Rogers in surrey has some of the nicest Long fin Bristls noses Ive seen. They are atlest 5 years old and full grown. They are in 1 of the display tanks. He has albino and Silvertips. They are beauties. 

Im growing out 3 Long fins. 2 albinos and 1 Silvertip. I plan on adding them to my African tank once they get bigger. Im also growing out 2 Reg fin Calico's. I heard the calicos aren't as hardy as the regulars. Not sure if that's true. Id love to see some super red long fins, green dragons or calico's


----------



## coppercloud (Apr 14, 2012)

If you get any pics I would love to see, I just can't decide. I can only have one more type.


----------



## coppercloud (Apr 14, 2012)

If you vote other pls post which type


----------



## Livyding (Feb 6, 2013)

People say you shouldn't mix L144 with albinos, but I don't see why, other than to be a purist. I have Longfin L144s and the longfins are always much lighter than the shortfins.
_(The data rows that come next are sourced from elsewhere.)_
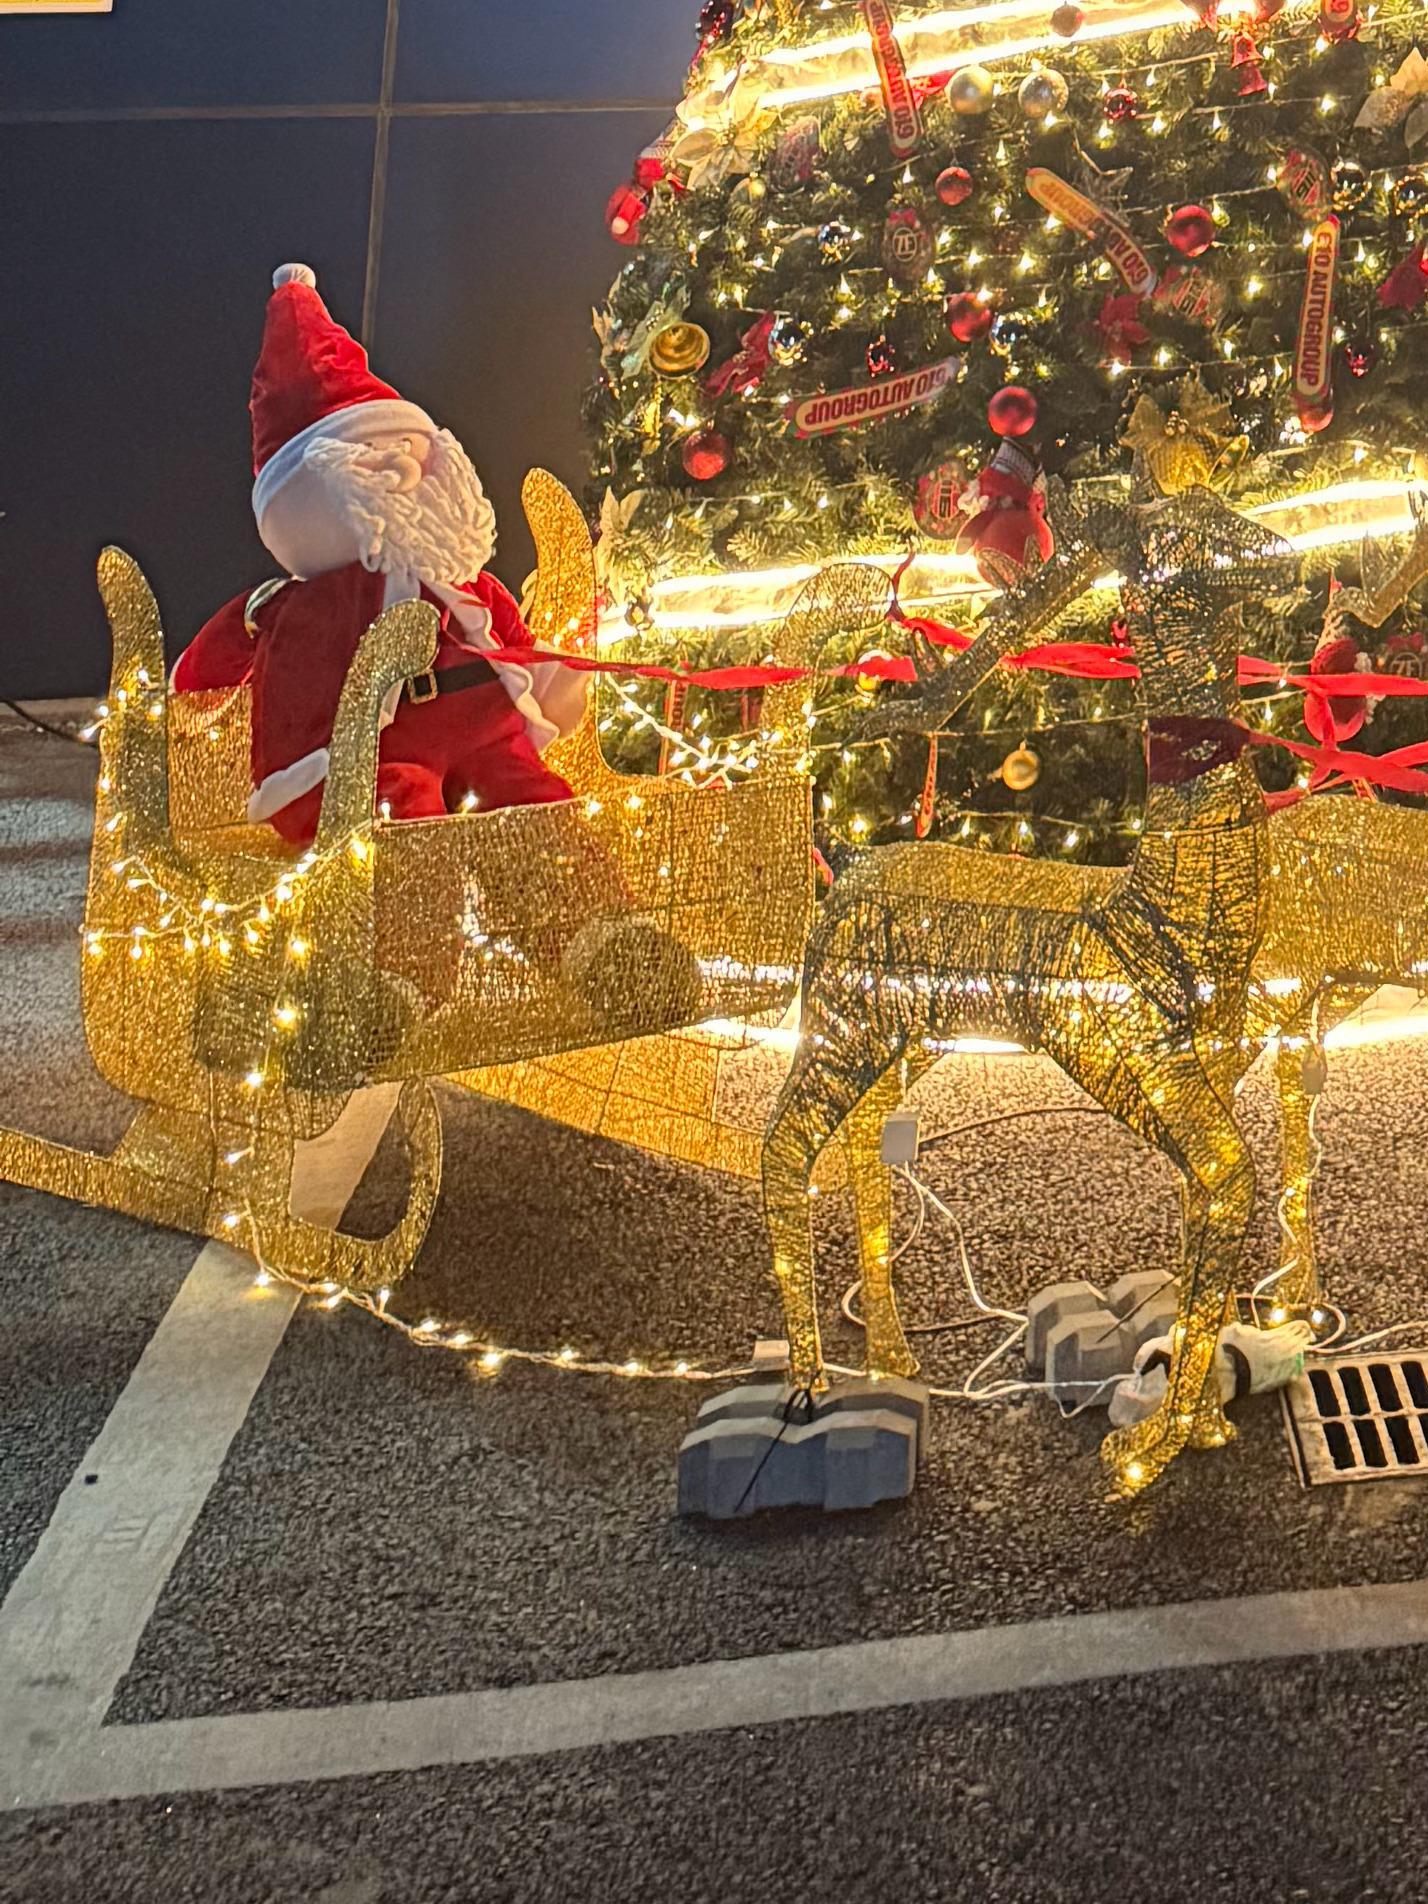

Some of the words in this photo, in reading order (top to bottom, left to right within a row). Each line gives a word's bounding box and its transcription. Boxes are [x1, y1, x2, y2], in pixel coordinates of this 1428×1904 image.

[894, 106, 915, 139] 610
[1314, 231, 1333, 267] 610
[1122, 254, 1149, 285] 610
[1300, 270, 1329, 386] AUTOGROUP
[916, 367, 946, 397] 610
[804, 378, 916, 425] AUTOGROUP
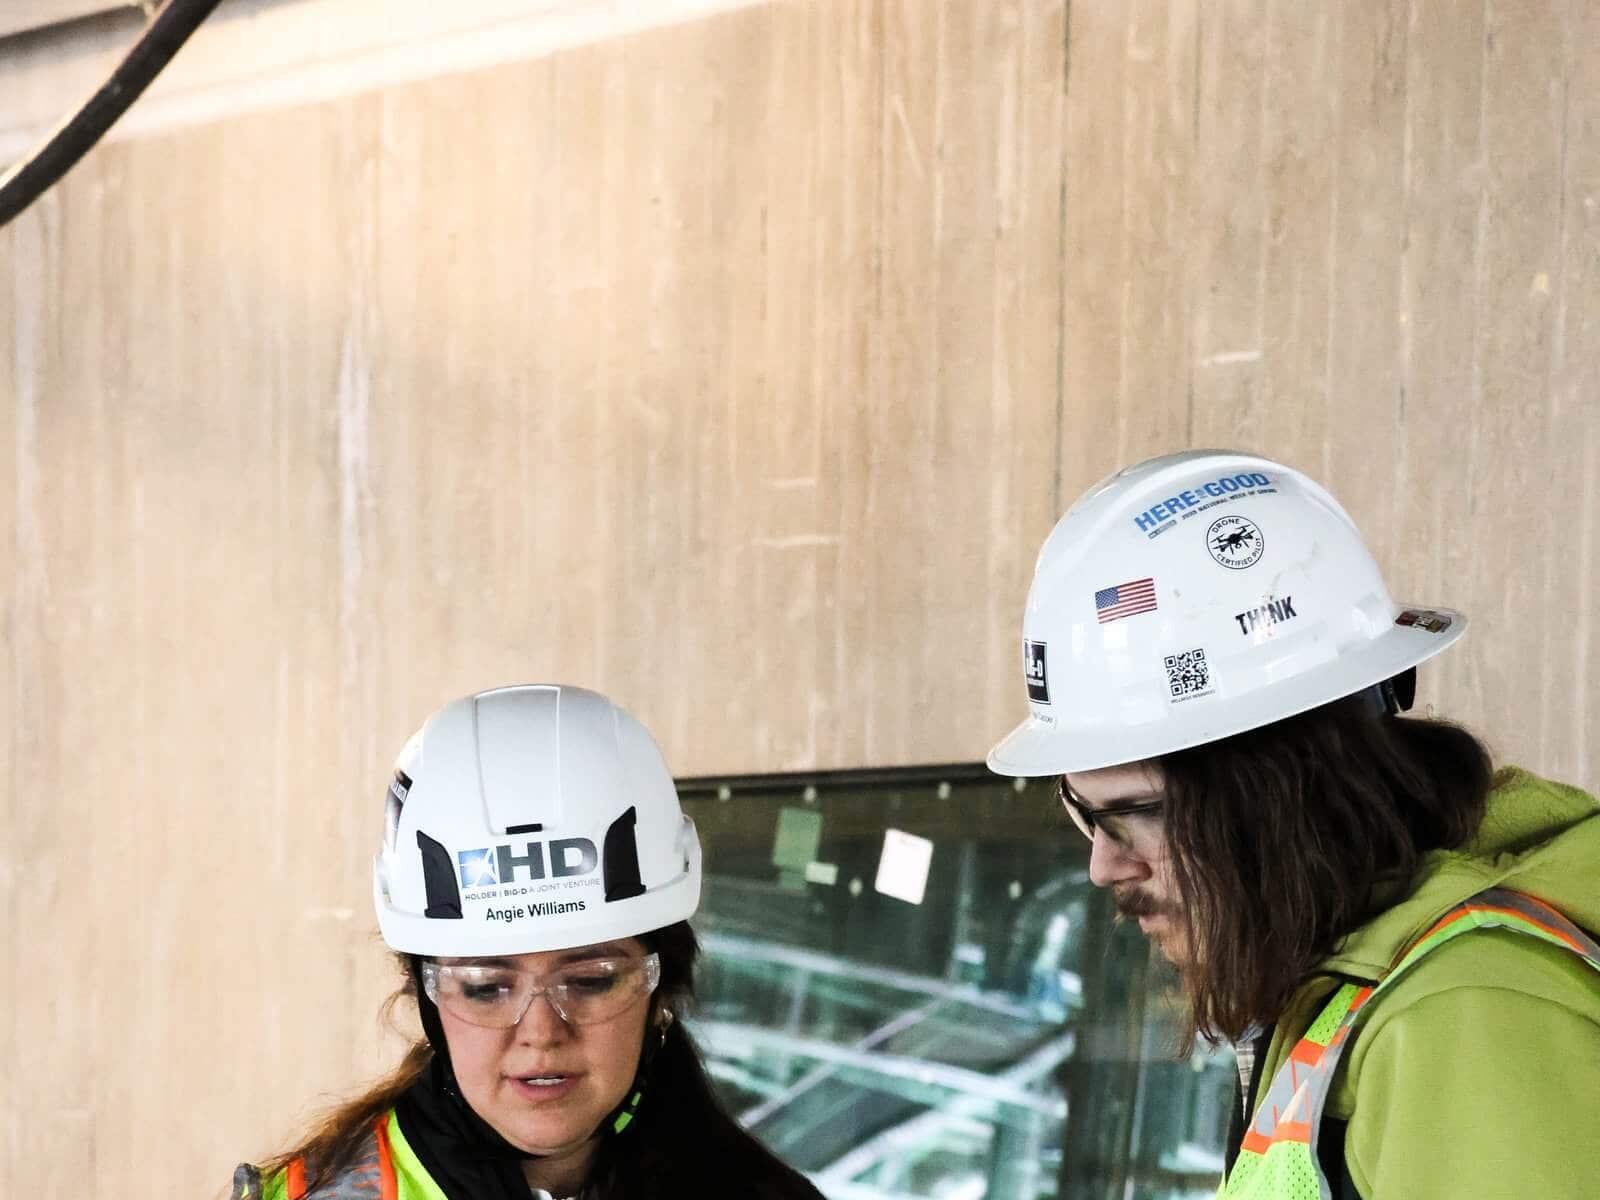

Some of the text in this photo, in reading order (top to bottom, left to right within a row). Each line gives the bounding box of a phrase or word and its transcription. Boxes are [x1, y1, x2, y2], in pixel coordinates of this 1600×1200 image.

[1134, 490, 1200, 532] HERE
[1203, 473, 1270, 497] GOOD
[1211, 518, 1241, 533] DRONE
[495, 837, 598, 884] HD
[464, 890, 497, 901] HOLDER
[504, 888, 527, 897] BIG-D
[537, 883, 560, 893] JOINT
[562, 878, 601, 889] VENTURE
[486, 900, 586, 923] Angie Williams
I am almost certain that the longfins had been bred with albinos somewhere down the line. 

If you bred a longfin L144 with a shortfin albino for example, I'm guessing the babies will end up a mix of short fins and long fins, maybe with some of each albinos and leucistics.


----------



## ddcool (Jul 31, 2012)

you will probably end up with 100% brown offspring with a mix of long and short fins.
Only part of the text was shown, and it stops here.